Giuseppe Catapano osserva: REVOCATO IL FALLIMENTO DELLA SOCIETÀ, LEGITTIMA COMUNQUE LA NOTIFICA DEGLI AVVISI DI ACCERTAMENTO AL CURATORE

“Avvisi di accertamento” notificati al “solo curatore”, eppure è stata revocata “la sentenza che aveva sottoposto la società a fallimento”. Ciò spinge i giudici tributari a ritenere nulla la “cartella” consegnata alla società.

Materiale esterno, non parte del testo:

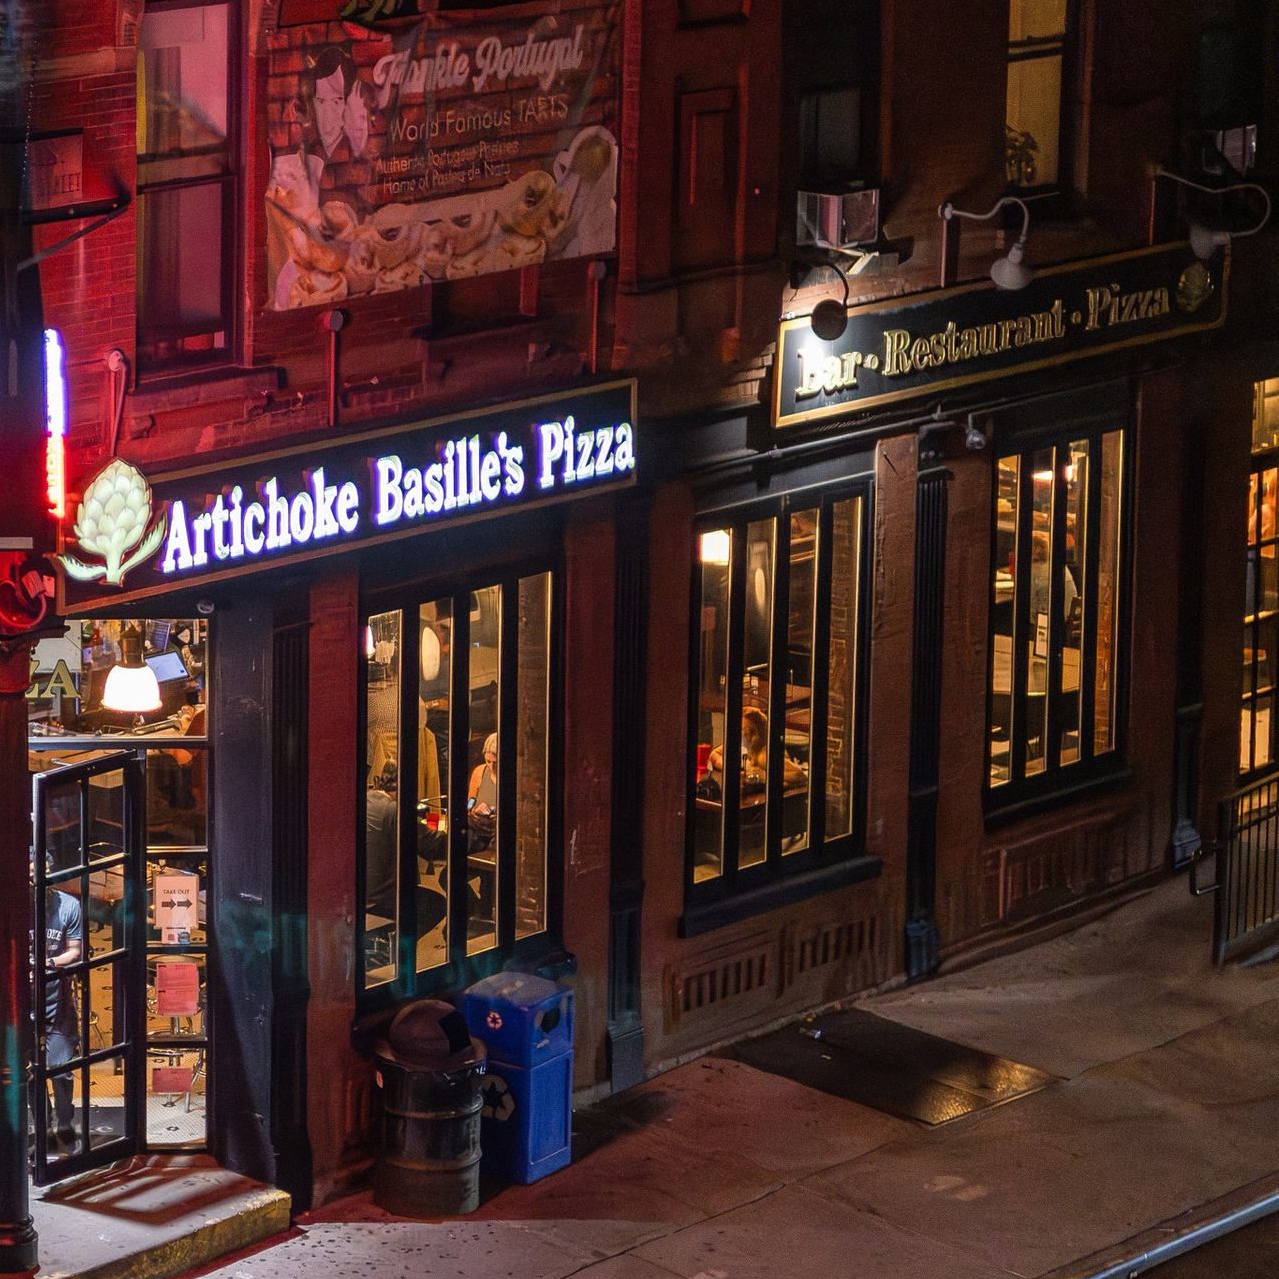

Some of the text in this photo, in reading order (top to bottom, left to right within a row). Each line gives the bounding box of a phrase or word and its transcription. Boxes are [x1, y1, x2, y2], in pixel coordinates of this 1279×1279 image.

[472, 24, 584, 92] Portugal
[390, 93, 569, 142] World Famous TARTS
[794, 282, 1170, 397] Bar Restaurant Pizza
[160, 415, 636, 573] Artichoke Basille's Pizza

Tale visione, però, viene demolita dai giudici della Cassazione, i quali evidenziano che “alla data in cui venne effettuata la notificazione degli avvisi di accertamento a mano del curatore era ancora pendente il giudizio di appello avverso la sentenza che aveva revocato il fallimento della società, con la conseguenza della piena validità della notificazione effettuata, correttamente, all’organo a ciò deputato in costanza di fallimento”. Ciò assume un valore decisivo, soprattutto tenendo presente che “la revoca della sentenza dichiarativa di fallimento diviene esecutiva, con conseguente ritorno in bonis del soggetto sottoposto a procedura concorsuale, solo in seguito al passaggio in giudicato della sentenza che tale revoca abbia disposto”.

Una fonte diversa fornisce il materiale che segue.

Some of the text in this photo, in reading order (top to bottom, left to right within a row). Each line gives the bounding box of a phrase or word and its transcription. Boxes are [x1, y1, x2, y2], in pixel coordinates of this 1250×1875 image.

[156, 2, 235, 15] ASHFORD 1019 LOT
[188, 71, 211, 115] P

Peraltro, viene aggiunto, “anche ritenendo che la notificazione dell’atto impositivo debba essere effettuata anche al fallito personalmente, l’inosservanza di tale adempimento non rende nulla la cartella, già notificata al curatore, ma produce il solo effetto di impedire che l’avviso di accertamento divenga definitivo nei confronti del soggetto fallito, ammettendosi che, in tal caso, quest’ultimo, nell’inerzia del curatore, possa direttamente impugnarlo con termine decorrente dalla data in cui ne ha avuto effettiva conoscenza”, e in questa vicenda, “come evincibile dal contenuto del ricorso introduttivo”, la società si è limitata a “denunziare la mancata notificazione degli avvisi di accertamento, senza sollevare alcuna censura alla pretesa impositiva sottesa agli atti impositivi”.
Tutto ciò permette ai giudici della Cassazione di chiudere ab origine la battaglia giudiziaria, sancendo la piena legittimità della “notificazione degli avvisi” e, quindi, della “cartella” nei confronti della società.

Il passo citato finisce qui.